Setelah dirasanya aman, Raito mulai berjalan mengendap-ngendap menuju ruang keluarga. Biasanya pada jam segini, ayahnya yang berprofesi sebagai dokter di rumah sakit Karakura itu pasti ada disana. Sedang menonton acara TV malam atau sekedar menonton berita. Dan bingo! Ayahnya memang benar-benar ada disana, tepat seperti yang diduga Raito. Ayahnya itu sedang duduk di sofa panjang yang berhadapan langsung dengan TV sambil mengganti-ganti channel TV dengan remote yang ada di tangannya. Kelihatan sekali kalau ia sedang bosan.
Begitu menyadari keberadaan Raito, Kurosaki Ichigo, sang ayah, langsung mengalihkan perhatiannya dari layar TV ke putera semata wayangnya yang berdiri tak begitu jauh darinya itu. Sambil tersenyum lembut ia bertanya, "Kenapa kau belum tidur, jagoan? Ada masalah?"
Raito berjalan mendekati ayahnya dan duduk di samping kiri ayahnya itu. "Tidak, tidak ada apa-apa kok, Yah. Hanya saja. . ."
"Hanya saja apa? Jangan-jangan kau ingin minta adik seperti Himeiryuu, heh?" tanya Ichigo memotong perkataan puteranya sambil tersenyum jahil dan merangkul bahu puteranya itu. Beberapa hari yang lalu, Raito memang pernah membicarakan adik Himeiryuu yang lucu pada kedua orangtuanya saat mereka bertiga sedang makan malam. Saat menceritakan adik Himeiryuu, wajah Raito kelihatan senang sekali, seakan wajah itu berkata 'Bu, Yah, aku ingin punya adik'.

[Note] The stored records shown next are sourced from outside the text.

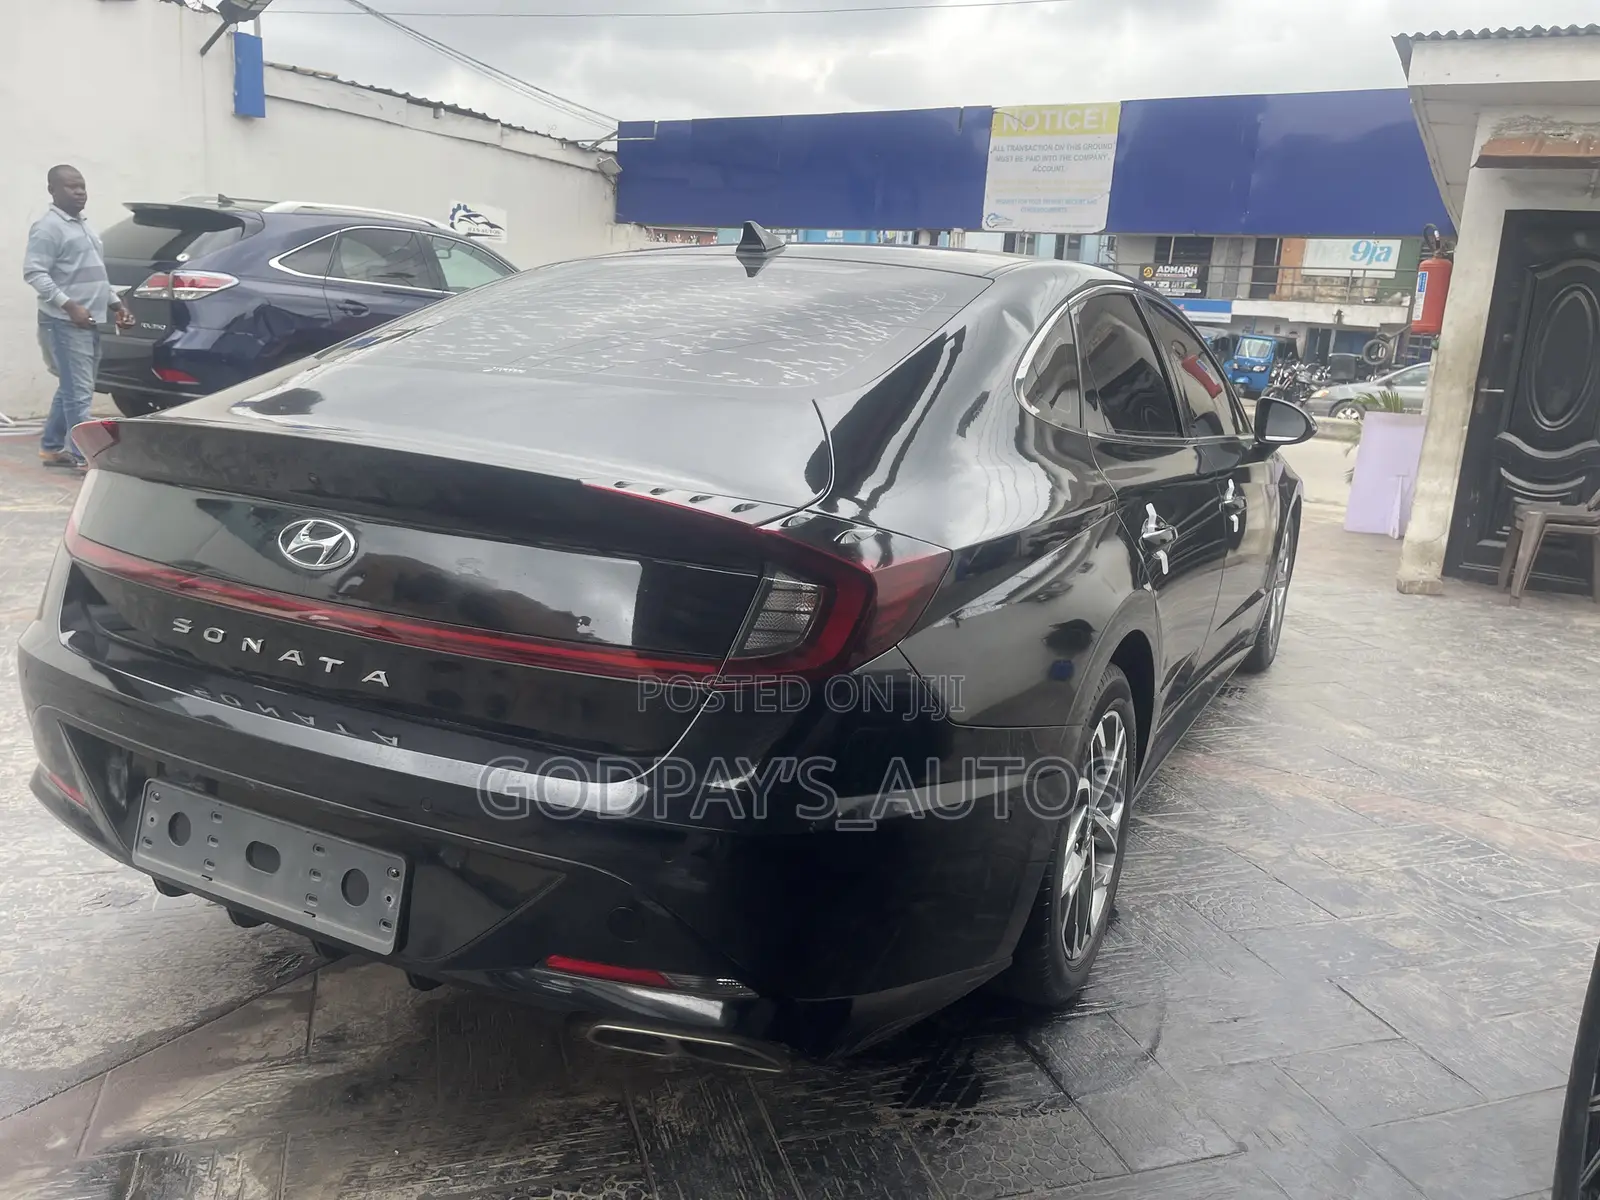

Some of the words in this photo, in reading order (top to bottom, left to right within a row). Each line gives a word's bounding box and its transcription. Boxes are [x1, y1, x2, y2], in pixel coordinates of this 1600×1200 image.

[1003, 108, 1109, 132] NOTICE!
[992, 144, 1005, 152] ALL
[1006, 143, 1053, 152] TRANSACTION
[1054, 143, 1065, 151] ON
[1066, 142, 1081, 151] THIS
[1082, 142, 1113, 151] GROUND
[995, 155, 1013, 163] MUST
[1025, 154, 1041, 162] PAID
[1042, 154, 1058, 162] INTO
[172, 618, 389, 688] SONATA

"Bukan, bukan itu. Ngomong-ngomong Ibu kemana? Kok aku tidak melihatnya lagi setelah makan malam?" tanya Raito sedikit berbasa-basi pada ayahnya sambil menengok ke kanan dan ke kiri. Mencari sosok mungil ibunya.
"Ibumu sedang pergi ke Soul Society. Mengunjungi pamanmu, Byakuya," jelas Ichigo sambil menghela nafas. Raito mengangguk-angguk mengerti. Tunggu, kenapa Ichigo sudah menyebut-nyebut nama Soul Society pada puteranya tanpa ragu dan anehnya puteranya itu mengerti? Ya sebenarnya sih tidak usah heran, Ichigo dan Rukia memang sudah pernah membawa Raito yang juga berjiwa setengah –tiga per empat lebih tepatnya- shinigami ke Soul Society dan memperkenalkannya pada keluarga besar Kuchiki dan teman-teman mereka di Soul Society. Mereka juga memberitahu Raito tentang beberapa hal mengenai shinigami dan hollow agar puteranya itu tidak heran dan kaget lagi saat melihat hollow.

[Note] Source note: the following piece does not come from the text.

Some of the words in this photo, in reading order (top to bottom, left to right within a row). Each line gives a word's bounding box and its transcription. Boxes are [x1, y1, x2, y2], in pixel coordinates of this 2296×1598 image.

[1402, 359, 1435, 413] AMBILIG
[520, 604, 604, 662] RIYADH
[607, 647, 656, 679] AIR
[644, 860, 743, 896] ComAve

Hening sejenak. "Ano, aku ingin bertanya pada Ayah," kata Raito hati-hati sambil menatap mata hazel ayahnya yang seperti musim gugur itu. Ayahnya balas menatap mata violet puteranya dengan tatapan bingung. Tapi kemudian ia mempersilahkan puteranya untuk bertanya padanya. "Menurut Ayah, Ibu itu orang yang seperti apa? Aku ada tugas dari Ishida-sensei. Tugasnya itu menulis karangan tentang ibu, tapi aku tak tahu harus menulis apa," tanya plus jelas Raito to the point. Ayahnya mengernyitkan alis bingung.

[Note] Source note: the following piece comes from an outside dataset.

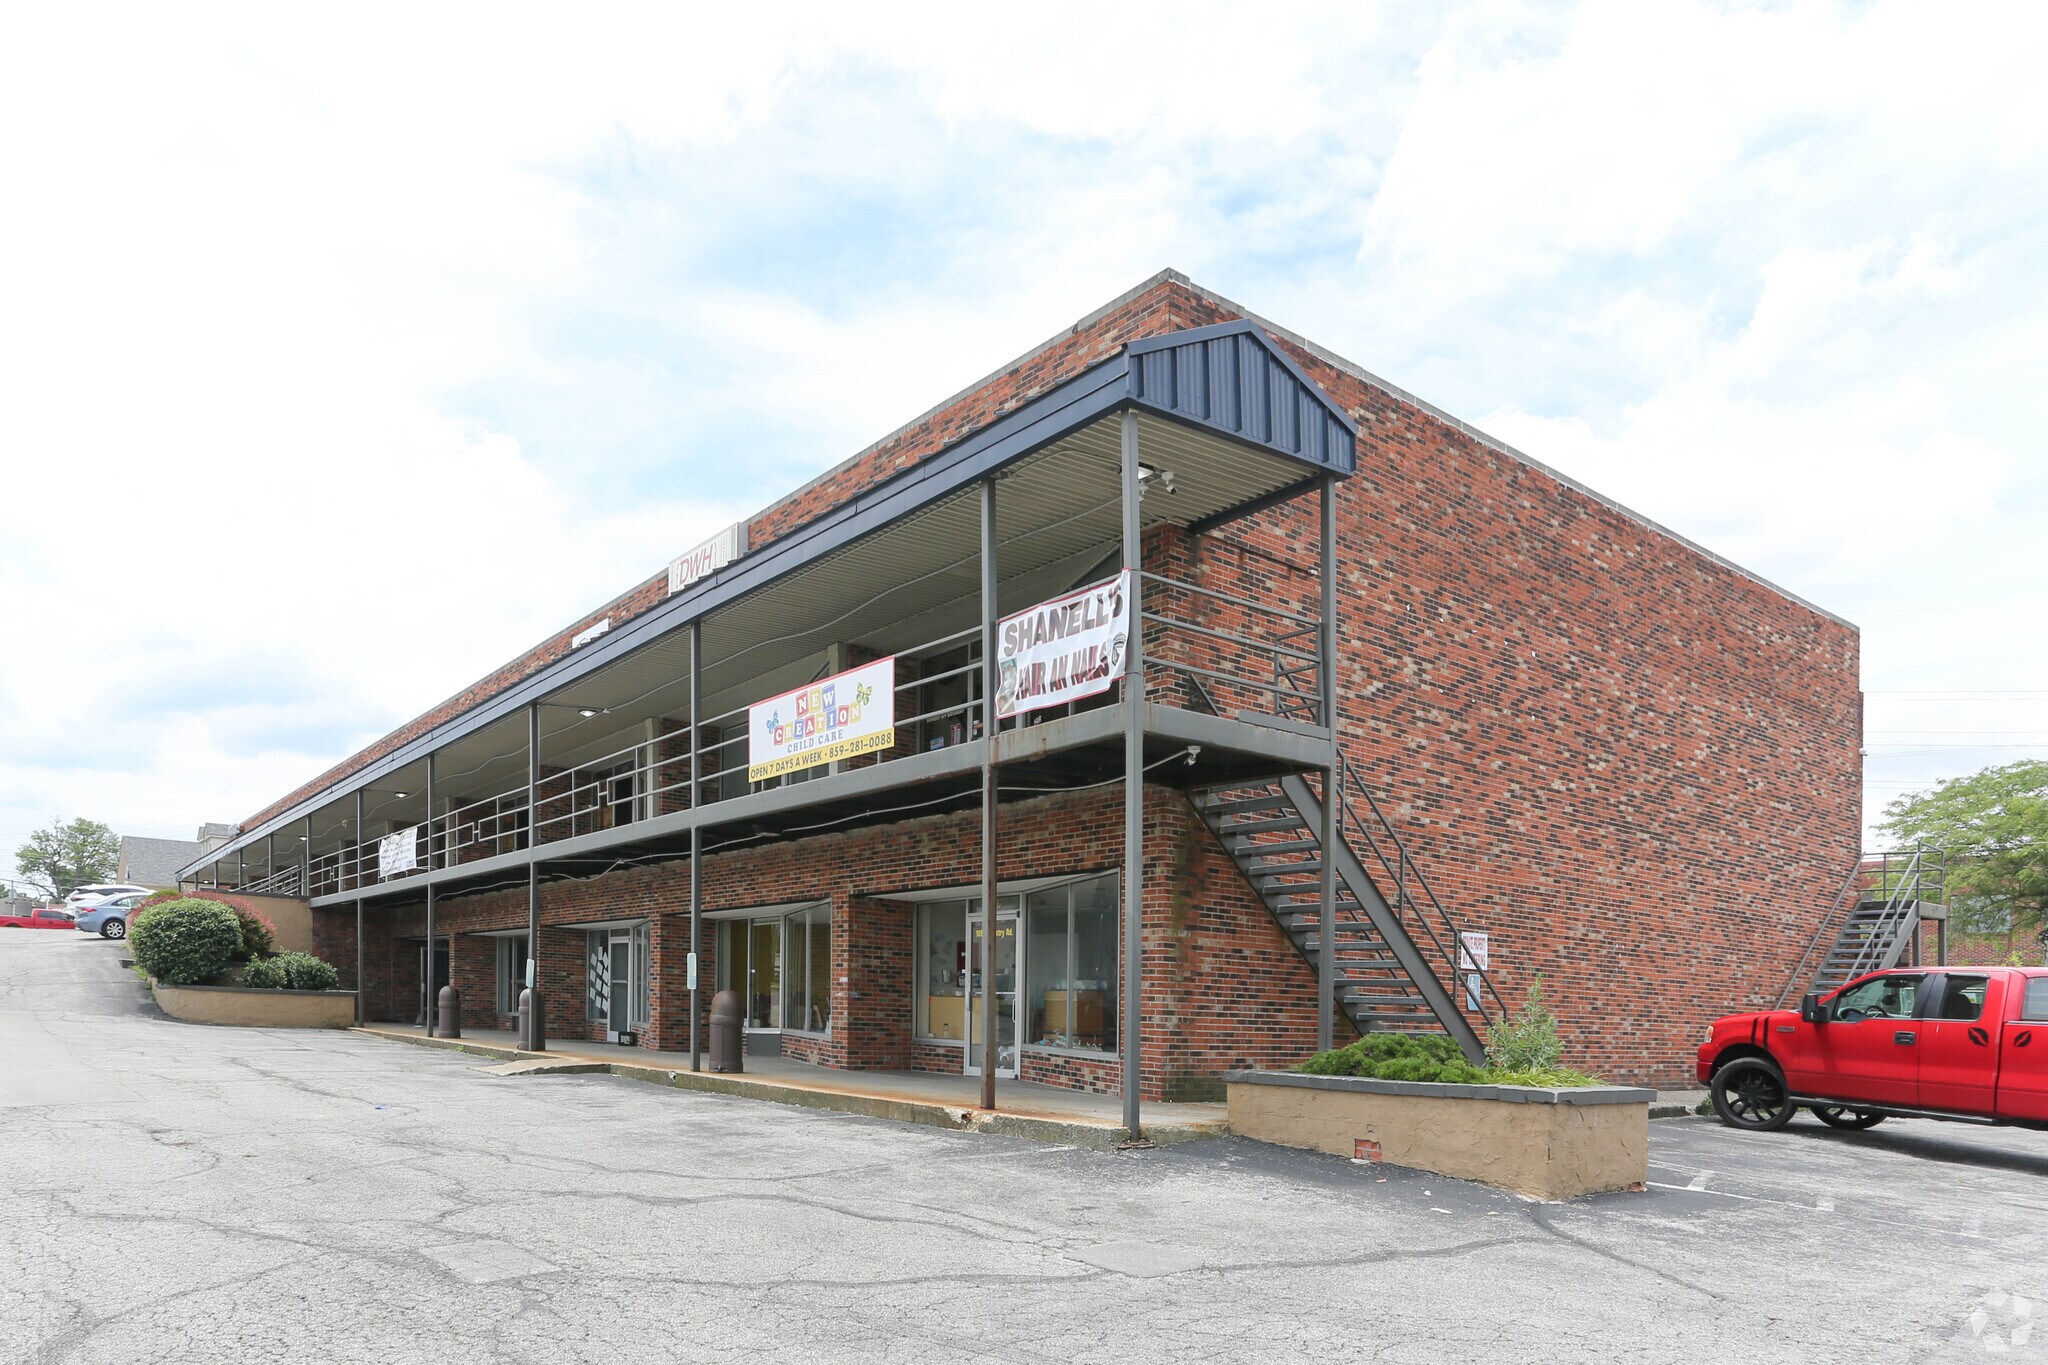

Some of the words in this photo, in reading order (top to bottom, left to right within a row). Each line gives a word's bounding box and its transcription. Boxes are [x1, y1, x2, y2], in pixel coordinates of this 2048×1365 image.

"Jadi, kau bertanya pada Ayah untuk referensi?" tanya Ichigo dan disambut sebuah anggukan oleh Raito. Kemudian ichigo berkata, "Kenapa kau bertanya pada Ayah? Kau 'kan lebih sering bersama Ibu sehabis pulang sekolah,"
Jujur saja, ia sangat heran saat Raito menanyakan tentang Rukia padanya karena setahunya, Raito sangat sering berada di rumah bersama Rukia. Jadi rasanya agak aneh kalau puteranya itu tak terlalu mengenal sifat ibunya sendiri. Raito langsung mengatakan kalau ia mengidolakan ayahnya yang hebat, jadi ia tak begitu memerhatikan ibunya walaupun mereka lebih sering bersama. Diam-diam, Ichigo merasa bangga akan dirinya sendiri.
Ichigo mengetuk-ngetuk dagunya dengan jari telunjuk dan berpikir. Kemudian ia berkata, "Hmm, Ayah akui, Ibumu orang yang galak," kata-kata Ichigo tadi langsung disambut dengan anggukan setuju dari Raito. Ichigo tersenyum sekilas saat melihat puteranya dan melanjutkan, "Tapi sebenarnya, Ibumu orang yang sangat rendah hati, kuat, tegar, penuh perhitungan, sangat pedulian, peka dan tidak sombong walaupun ia adalah salah satu anggota keluarga bangsawan di Soul Society."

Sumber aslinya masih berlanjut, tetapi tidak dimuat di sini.